Pero sin olvidar ni obviar ese siglo de evolución. Lo contrario
sería limitarse a hacer un ejercicio de puro manierismo, sin más
interés.
No,
“The Artist” es un ejercicio de nostalgia, de destilación del
recuerdo, de horas de parpadeantes películas en acetato de celulosa
pasados por el filtro de los años, esos que nos permiten distinguir
el polvo de la paja y quedarnos con lo esencial, lo vital, y rechazar
todo aquello que no funciona o que puede llevar al traste al
conjunto. Es una película que sería irrealizable en los 20 del
siglo pasado, no solo por cuestiones técnicas (que también) si no
por meras cuestiones artísticas. Y lo mejor de todo, al menos para
mí, es que no lo parece. Es tan factible y creíble como película
al estilo '20, que engaña. Al menos, ha engañado a esos sesudos
juntaletras que no saben ver más allá de su pedante nariz.
Lo
que más destaca es la solidez de la propuesta. Es un producto muy
trabajado, con un guión maravilloso, lleno de detalles, sin cabos
sueltos, perfectamente controlado y cerrado. Es excepcional encontrar
un guión tan redondo, tan conseguido y lleno de aciertos, muchos
heredados de los clásicos. Lo que viene a redundar en mi idea de
que lo importante, al final es la narración: unos diálogos
brillantes no constituyen de por sí un buen guión ni pueden ocultar
los defectos de forma y fondo. Podría argumentarse como defecto que
la historia es ya conocida, un poco tópica. Cierto, pero no por ello
es menos emocionante. Y, el hecho de que sea conocida permite un
acercamiento y una identificación especial con la misma al operar en
el área de seguridad del espectador, donde es francamente complicado
operar con éxito, lo que constituye otro éxito de la película.
Este
magnífico guión se complementa con una puesta en escena
extraordinaria.
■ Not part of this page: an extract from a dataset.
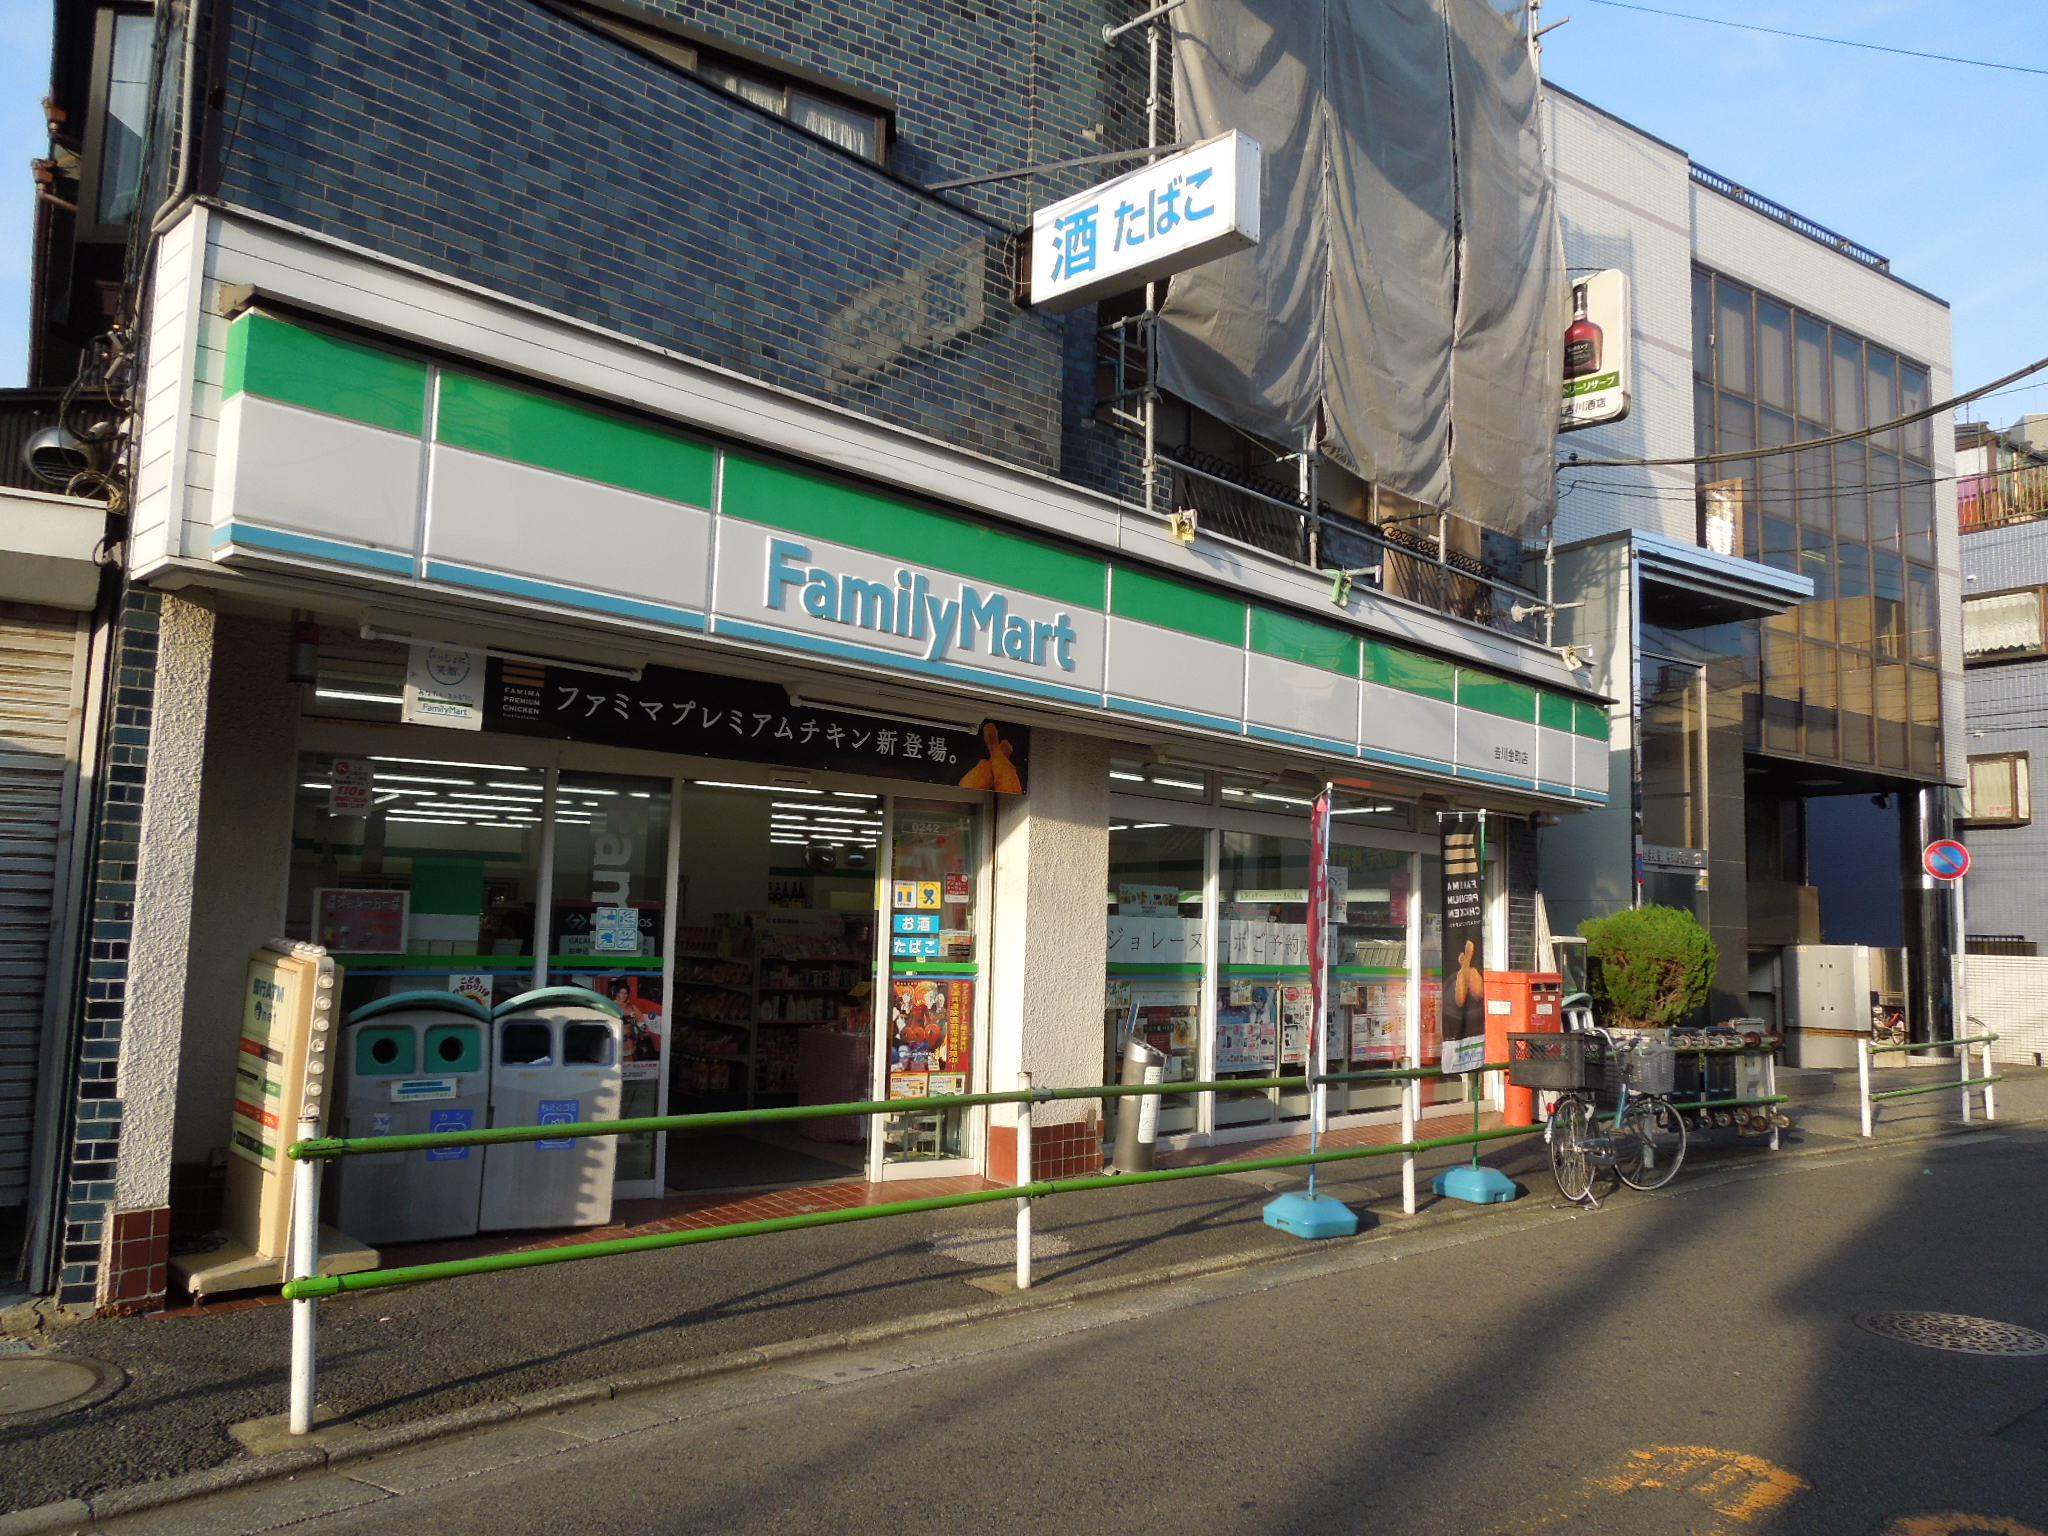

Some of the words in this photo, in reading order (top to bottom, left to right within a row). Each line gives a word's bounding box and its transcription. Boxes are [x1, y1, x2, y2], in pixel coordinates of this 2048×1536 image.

Es evidente que esta es una película personal de
Michel Hazanavicius, guionista y director. Su dirección es
extraordinaria, siempre al servicio de la historia y teniendo en
cuanta (pero no siendo limitada por) el modo de hacer de los años
20. Me refiero a que algunas soluciones técnicas usadas no eran
viables hace un siglo, pero Hazanavicius no rechaza a hacerlas, si
bien es tan elegante y fino en su ejecución pasan desapercibidas.
Sin
abandonar la cuestión de la puesta en escena, se nos hace esencial
hablar de la estupenda fotografía en blanco y negro de Guillaume
Schiffman. El blanco y negro presenta una serie de problemas de
volumen y de distancia de foco que no aparecen en la fotografía en
color. No todos los fotógrafos cuentan con la habilidad y
experiencia para poder trabajar con él. No es el caso de Schiffman,
que logra grandes y estupendos contrates, tanto en escenas bien
iluminadas (exteriores o salones) como en zonas en penumbra, logrando
por momentos texturas que recuerdan a “Sed de mal” o “Ciudadano
Kane”.
También
me parece importante destacar la pericia demostrada al aportarnos
cantidad de información extra mediante detalles aparentemente
insignificantes que aparecen en pantalla: una estatua concreta, un
anuncio en un periódico, una solución narrativa...Otrora no era
algo tan raro, pero últimamente, se tiende a no saber utilizar el
metalenguaje en el cine. O simplemente no existe (como en la mayor
parte del cine mass media americano) o es tan complejo y críptico
que pierde su función, como en ese cine llamado de arte y ensayo,
practicado ahora por los “autores”. En este aspecto, Hazanavicius
me parece más autor que muchos de estos en tanto y cuanto es
consciente de que un autor se debe a su público, sin renunciar a su
arte.
Por
supuesto, la música es esencial. Ludovic Bource logra una gran banda
sonora con múltiples matices que remite a varios autores clásicos.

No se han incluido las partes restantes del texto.